In a recent Wall Street Journal piece, Mr. Barta described that:

Economists have long thought the underground economy -- the vast, unregulated market encompassing everything from street vendors to unlicensed cab drivers -- was bad news for the world economy. Now it's taking on a new role as one of the last safe havens in a darkening financial climate, forcing analysts to rethink their views.
We are all too familiar and users of the informal economy. It is cheap, it is flexible, and it certainly does fulfill our needs. But is the informal sector the best answer for developing countries?

For supporters, the informal sector is the private sector answer to the inexistent public safety system of our countries. Young graduates, newly unemployed, even civil servants trying to increase their monthly income deliver services and goods at a cheap price and with a supply chain efficiency which defies anything even FEDEX could come up with. You can get a haircut at your house, on a Sunday for a $1 in Bamako!!! Need medicines? A designer boubou? Spare parts? A Sofa maybe or a TV? Any informal market will give you that and much more. This is why they represent, according to most research 60% or more of our economies.

For the skeptics, the informal market is a nuisance to the development of a formal retail, industrial and services industry. They argue that informal markets do not respect health and safety requirement for their workers, do not provide any protection for customers and do not pay taxes. To them, the informal sector is simply the result of excessive government regulation, overbearing administrative procedures. In addition they argue that the informal sector leads to much higher cost of borrowing, because of the risk they represent and the unfair competition they represent for formal SMEs.

Regardless of where you sit in this spectrum, it is true that actors in the informal sector play a vital role in providing an alternative to fulfill our needs. It is also true that policy makers, particularly international economists have little clue of how to capture the impact of these guys on our economies and what is needed to make them jump to the new level.

As Ambassador Blake, former Foreign Secretary of the US said during an interview following the recent G20 meeting: “The US should never accept an international regulatory body to tell it how it should run its economy” no African government should ever accept to be dictated how it must handle its informal sector by an international regulatory body. The IMF and the WB and even the AfDB with all their good intentions at heart, do not know, can’t figure out how to measure the impact of the informal sector into their models, therefore they can’t capture its impact. The informal sector in Cairo, Kinshasa, Nairobi, Kuala Lumpur, Rio or Luanda serve similar needs in very different ways.

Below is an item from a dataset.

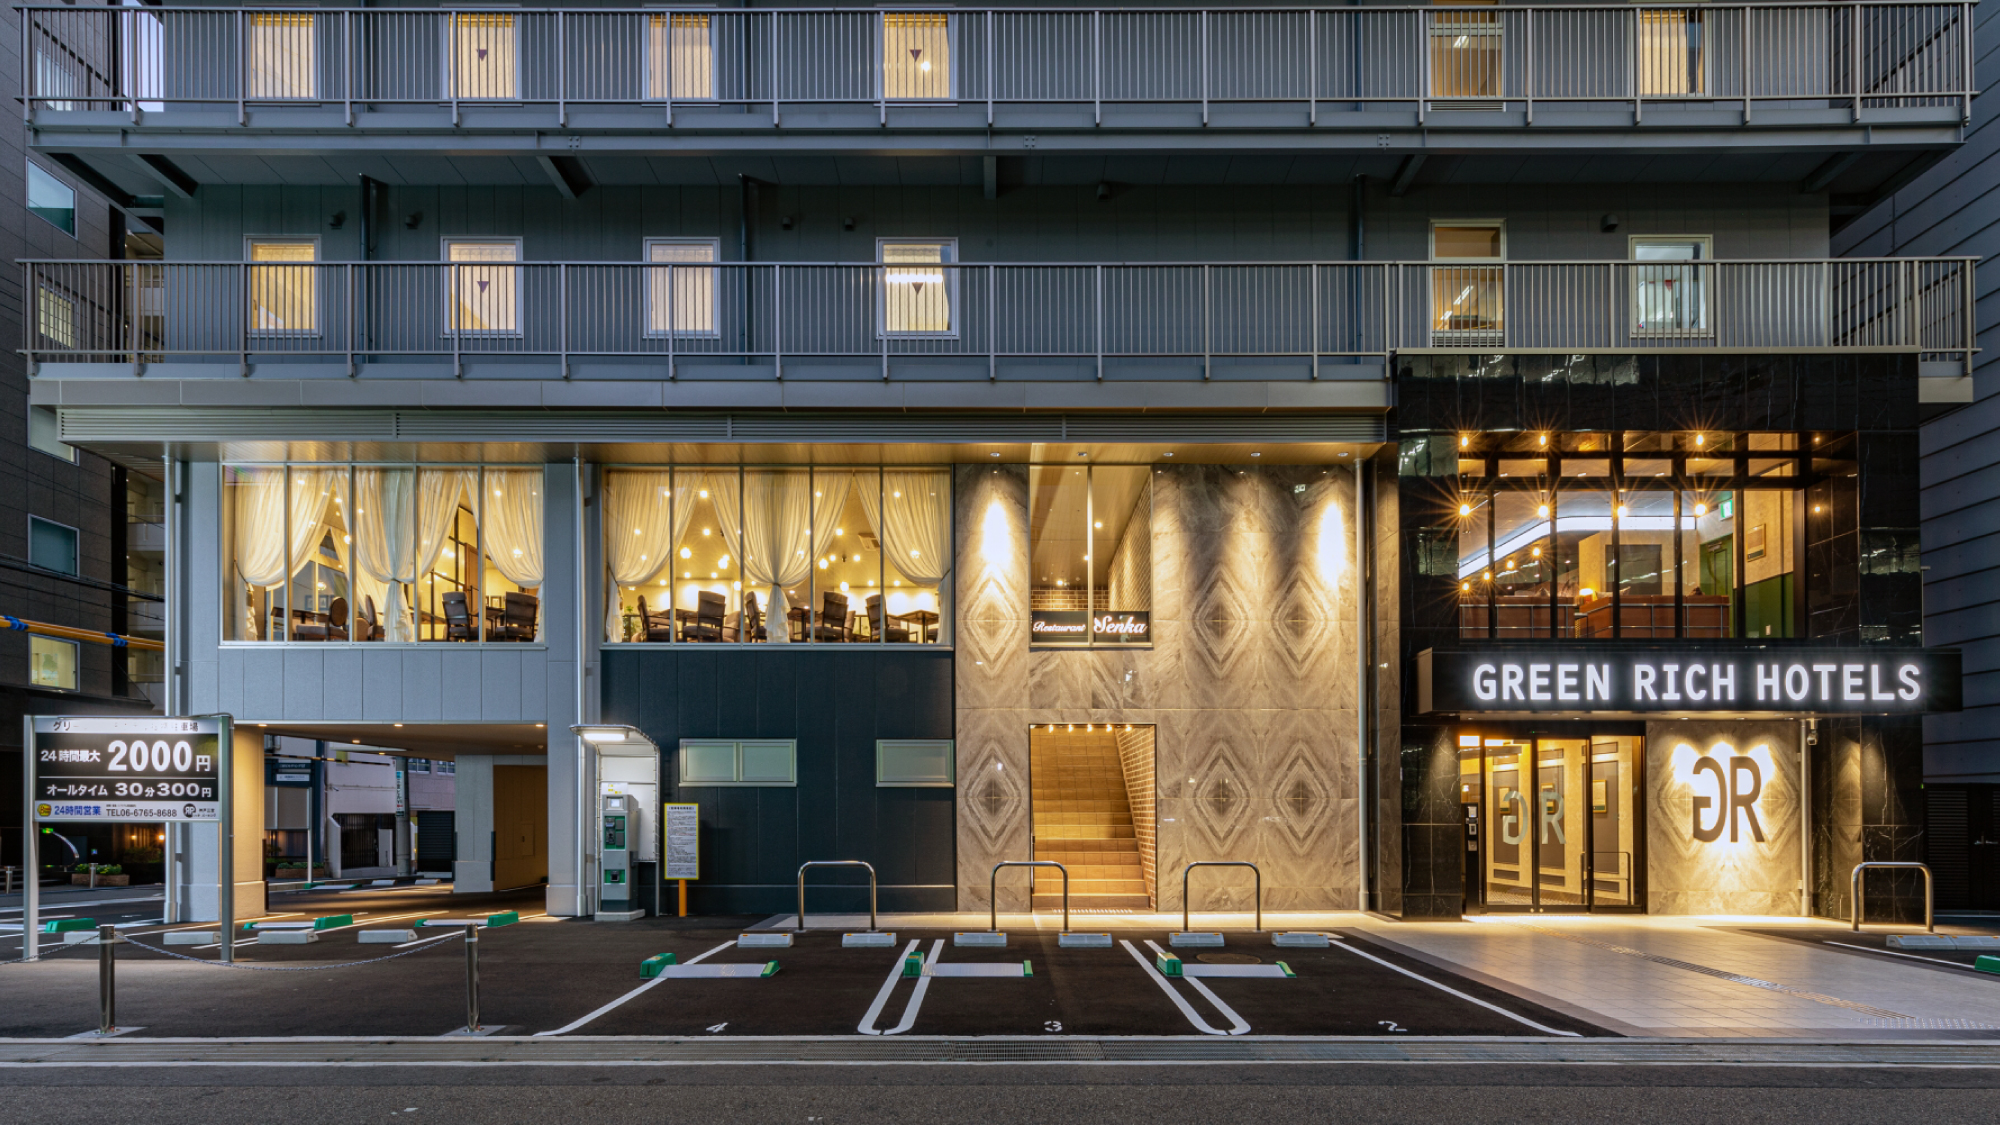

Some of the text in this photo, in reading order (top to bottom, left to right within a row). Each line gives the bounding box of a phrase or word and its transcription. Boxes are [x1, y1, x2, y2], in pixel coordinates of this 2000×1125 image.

It is thus the duty of the ministries of commerce, economy, finance, the central banks of our nations to study this sector, understand how regulations or the lack of it impact the growth of these players and how do we maximize their wealth creation capabilities rather than castigating them as parasites which stifle growth. The innovative ways these people tackle the everyday problems of our citizens, their hard work ethics would amaze you.